Ten things you probably didn’t know about Minehead

1. Science fiction author Sir Arthur C Clarke (of 2001: A Space Odyssey fame) was born in Minehead

 

2. Minehead is home to England’s longest heritage railway - the West Somerset Railway

 

3. England rugby star, world cup winner and England’s Red Roses top try scorer Danielle ‘Nolli’ Waterman was born and brought up in Minehead

 

4. Minehead has hosted both Britain’s Strongest Man and the European Outdoor Tug-O-War Championships

 

5. Dragon’s Den star Deborah Meaden used to work in the town’s Butlin’s resort - TV’s Stephen Mulhern was also a Redcoat there and the resort also kicked off the showbiz careers of Des O’Connor and Jimmy Tarbuck. Even Catherine Zeta-Jones enjoyed early success by winning a talent contest here in Butlin’s Minehead

 

6. There are two cloth and ribbon ‘hobby horses’ which tour the town on May Day

 

7. It is reputed that Cecil Frances Alexander wrote the popular Anglican hymn All Things Bright and Beautiful in Minehead -  "The purple headed mountain, The river running by, The sunset and the morning, That brightens up the sky" refers to Exmoor’s Grabbist Hill and the River Avill that runs near it through the popular tourist location Snowdrop Valley

 

8. Minehead takes its name for the Old English for North Hill, the distinctive landmark that rises 900 feet from sea level above the town.

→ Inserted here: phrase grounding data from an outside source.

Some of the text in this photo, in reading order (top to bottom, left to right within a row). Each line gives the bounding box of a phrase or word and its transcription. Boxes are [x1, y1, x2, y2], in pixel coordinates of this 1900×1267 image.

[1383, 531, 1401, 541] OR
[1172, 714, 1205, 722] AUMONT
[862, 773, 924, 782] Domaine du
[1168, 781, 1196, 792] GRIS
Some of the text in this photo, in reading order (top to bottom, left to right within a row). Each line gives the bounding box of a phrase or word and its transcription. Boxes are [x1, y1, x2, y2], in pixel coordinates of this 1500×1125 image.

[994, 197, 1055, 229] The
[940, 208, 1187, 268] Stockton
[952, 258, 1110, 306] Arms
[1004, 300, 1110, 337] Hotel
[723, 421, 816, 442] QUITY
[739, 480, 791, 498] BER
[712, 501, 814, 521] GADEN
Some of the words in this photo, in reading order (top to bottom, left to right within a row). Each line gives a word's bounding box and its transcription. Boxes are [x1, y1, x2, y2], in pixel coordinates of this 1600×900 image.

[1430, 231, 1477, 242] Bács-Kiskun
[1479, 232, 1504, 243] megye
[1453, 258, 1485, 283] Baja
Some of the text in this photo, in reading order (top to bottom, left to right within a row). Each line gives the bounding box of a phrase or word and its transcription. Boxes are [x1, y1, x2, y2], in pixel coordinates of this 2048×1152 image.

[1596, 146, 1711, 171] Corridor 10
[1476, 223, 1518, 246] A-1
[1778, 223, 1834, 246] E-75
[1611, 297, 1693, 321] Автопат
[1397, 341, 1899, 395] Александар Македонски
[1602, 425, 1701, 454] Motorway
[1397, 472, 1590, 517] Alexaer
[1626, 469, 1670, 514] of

The Welsh for ‘hill’ or ‘mountain’ is mynydd - or ‘myned’ in Old English.

 

9. Some 320,000 tons of sand was shipped in to restore the beach after severe storms washed much of the previous beach away in the 1990s. New sea defences protect the current sands.

 

10. The wooded bluffs above Minehead are believed to be the inspiration for the Hermit's abode "in that wood which slopes down to the sea" in Samuel Taylor Coleridge’s poem The Rime of the Ancient Mariner. The poet lived in nearby Nether Stowey and he and fellow poet William Wordsworth would often roam the hills and coast on long night walks.